The Board of Trustees at Catholic University voted June 4th on a plan that cut thirty-five faculty members from a variety of academic departments. The plan had been approved by the Faculty Senate on May 9th, and is the culmination of work over the past few years designed to close the gap from declining tuition revenue, this year amounting to about $3.5 million. Academic reduction plans are often branded as commitments to educational integrity, and Catholic University saw no reason to break with this trend, titling the plan “Academic Renewal.

In order to justify this reduction, the plan emphasized a need to standardize teaching. In the academic world, most universities require tenure-track faculty to teach six courses in a year, three in the fall and three in the spring. However, because professors are researchers, these schedules are unreliable. Minimally, most faculty can expect to take a sabbatical leave every six years. External grants and fellowships also throw wrenches into teaching plans. A faculty member slated to teach three courses in the fall might find out in July that she won a grant that allows her to work on research that can only be used in that semester. Aware of these issues, most departments retain more faculty than they technically need to teach courses in a semester.
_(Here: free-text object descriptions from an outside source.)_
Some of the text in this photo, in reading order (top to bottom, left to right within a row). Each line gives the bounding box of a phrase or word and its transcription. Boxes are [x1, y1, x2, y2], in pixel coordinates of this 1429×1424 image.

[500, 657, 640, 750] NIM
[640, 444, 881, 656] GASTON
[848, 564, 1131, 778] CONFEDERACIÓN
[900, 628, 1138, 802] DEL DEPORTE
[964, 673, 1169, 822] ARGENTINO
The Academic Renewal Plan is set up to ignore the issue of research. Contracting an external consulting agency, Catholic University’s administration created an index of “surplus sections” that are defined by a department’s capacity to teach beyond demand. So if a department has 7 faculty members, they hypothetically could teach 21 sections. If there is only demand for 10 sections, 11 of those sections would count as “surplus,” and on the table for faculty reduction. For the most part, the reduction of these surpluses is a decline in overall student enrollment, and especially a decline in those who major in the humanities. One notable exception is the Economics and Business departments, which are receiving expansions, likely due to a $15 million gift determined to advance the marriage between free-market economics and Catholicism.
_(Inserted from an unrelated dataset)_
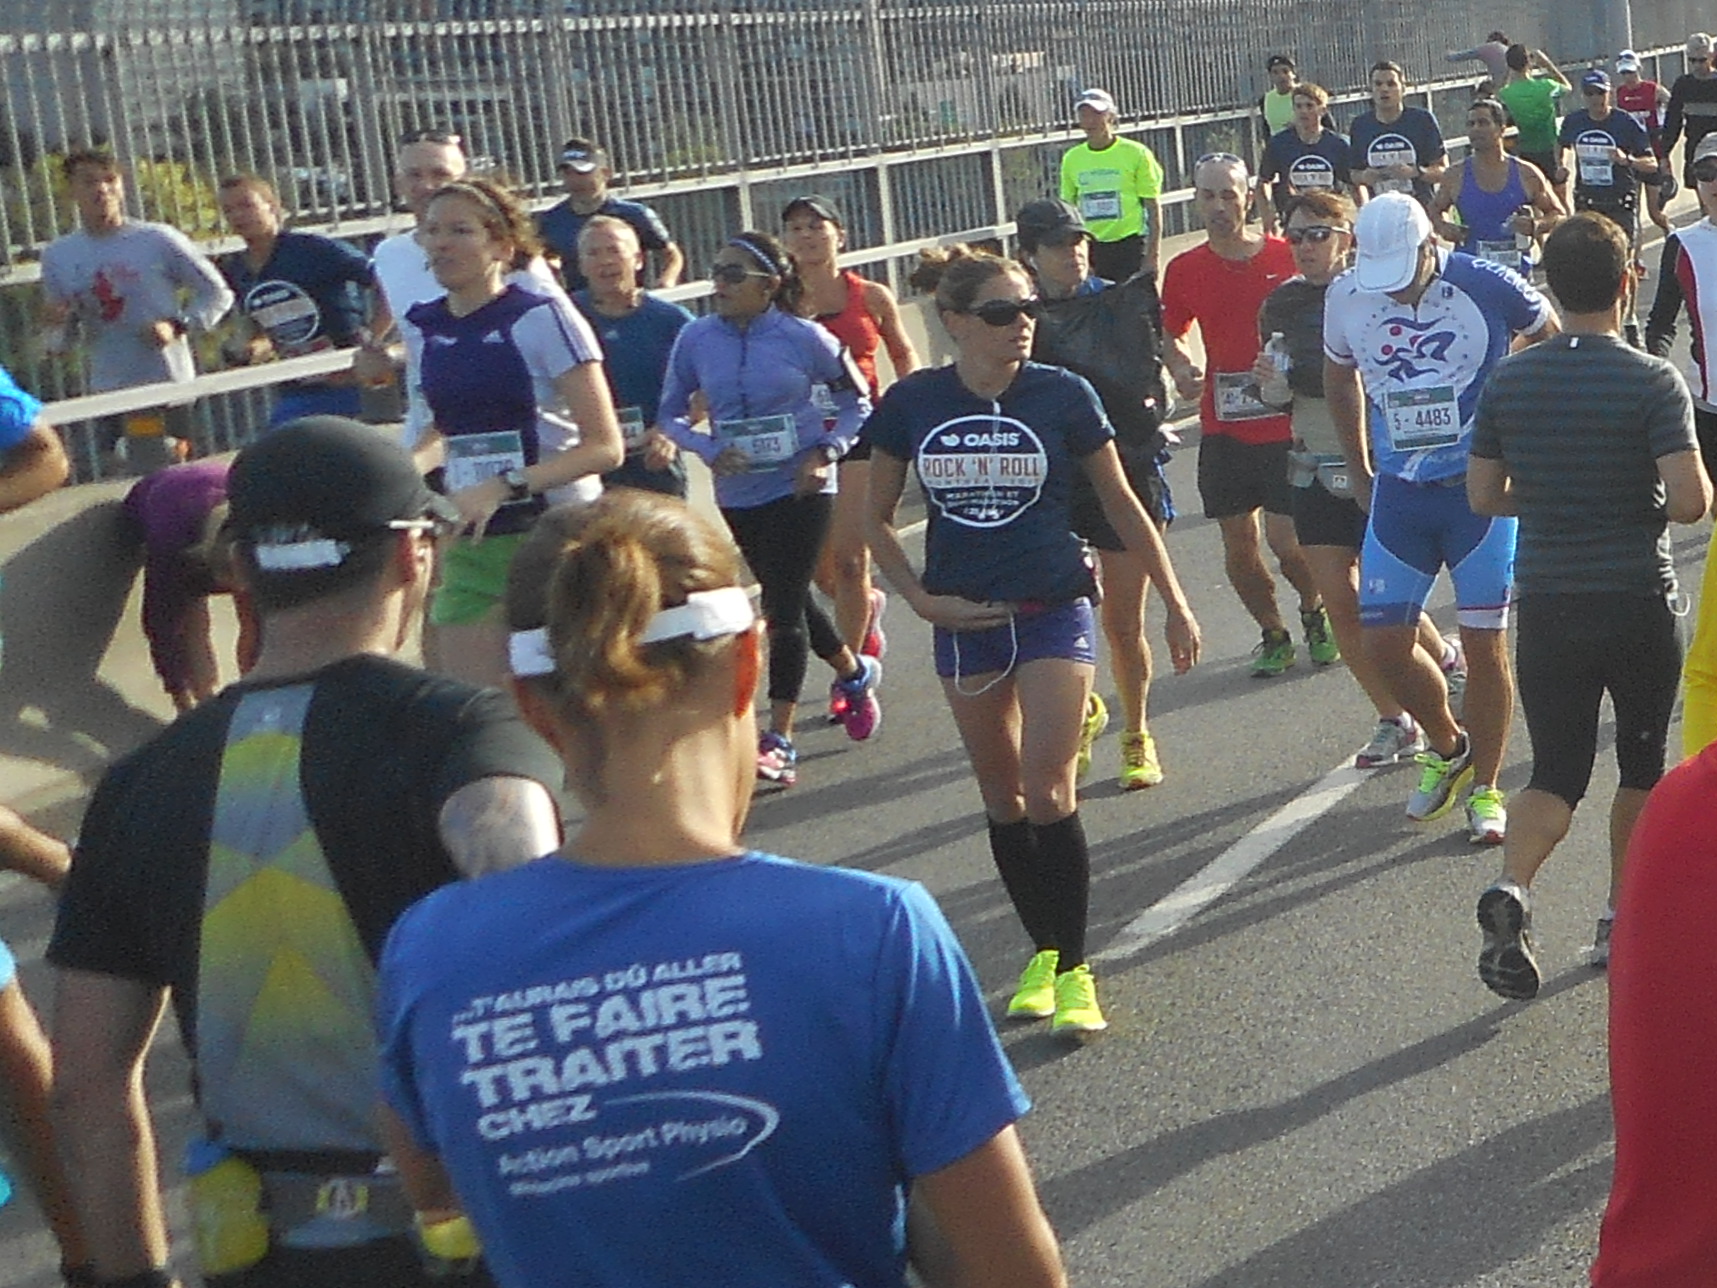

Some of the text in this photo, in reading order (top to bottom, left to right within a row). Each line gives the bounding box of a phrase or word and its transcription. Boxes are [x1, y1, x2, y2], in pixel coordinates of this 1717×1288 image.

This time, Catholic University managed to either buy out contracts or convince individual faculty members to retire earlier, which meant layoffs of tenured faculty were not required. However, had they not met the thirty-five member requirement, the University was prepared to meet its quota on the grounds of not-financial exigency (whatever that means, see pg. 13).
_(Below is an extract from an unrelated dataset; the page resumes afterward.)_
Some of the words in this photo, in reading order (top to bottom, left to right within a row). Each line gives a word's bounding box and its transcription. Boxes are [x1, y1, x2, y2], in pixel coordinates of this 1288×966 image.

It might seem a little confusing as to why a university with a $330 million endowment would consider laying off tenured faculty before it would consider plugging such a shortfall with emergency funds from the endowment. The answer is partially about declining revenue from lower enrollments, but it is perhaps more so about the choice of investments on the part of a corporate university. While investments in luxury living on campus may be declining, universities are still footing the bill from investments of a decade ago. Catholic University was no exception, beginning a $200 million development project in 2011 (worth mentioning: $200 million might have paid $100,000/year salaries to all 399 full-time faculty members at the university for five years). Over the same period of time, they began to rapidly increase tuition revenue. From 2010 to 2018, tuition increased from $31,740 to $43,120, a 35% increase over eight years. While most universities will claim financial aid also increases, its empirical fact that high tuition costs turn away students. As Dan Nemser and Brian Whitener put it for The New Inquiry:

We have hit a tuition limit. Although administrators may be reluctant to admit it, students and families are less and less willing to pay ever increasing tuition bills, in spite of the so-called “wage premium” a college degree continues to confer.”

A better path forward would be to remember the purported core values of the university: to advance scholarship, produce research both relevant and esoteric, and to bring these findings to a broader public through teaching and writing. In defending these goals, faculty administrators might find the backbone to fight against corporate interests who immediately translate these revenue streams into profits for private development firms.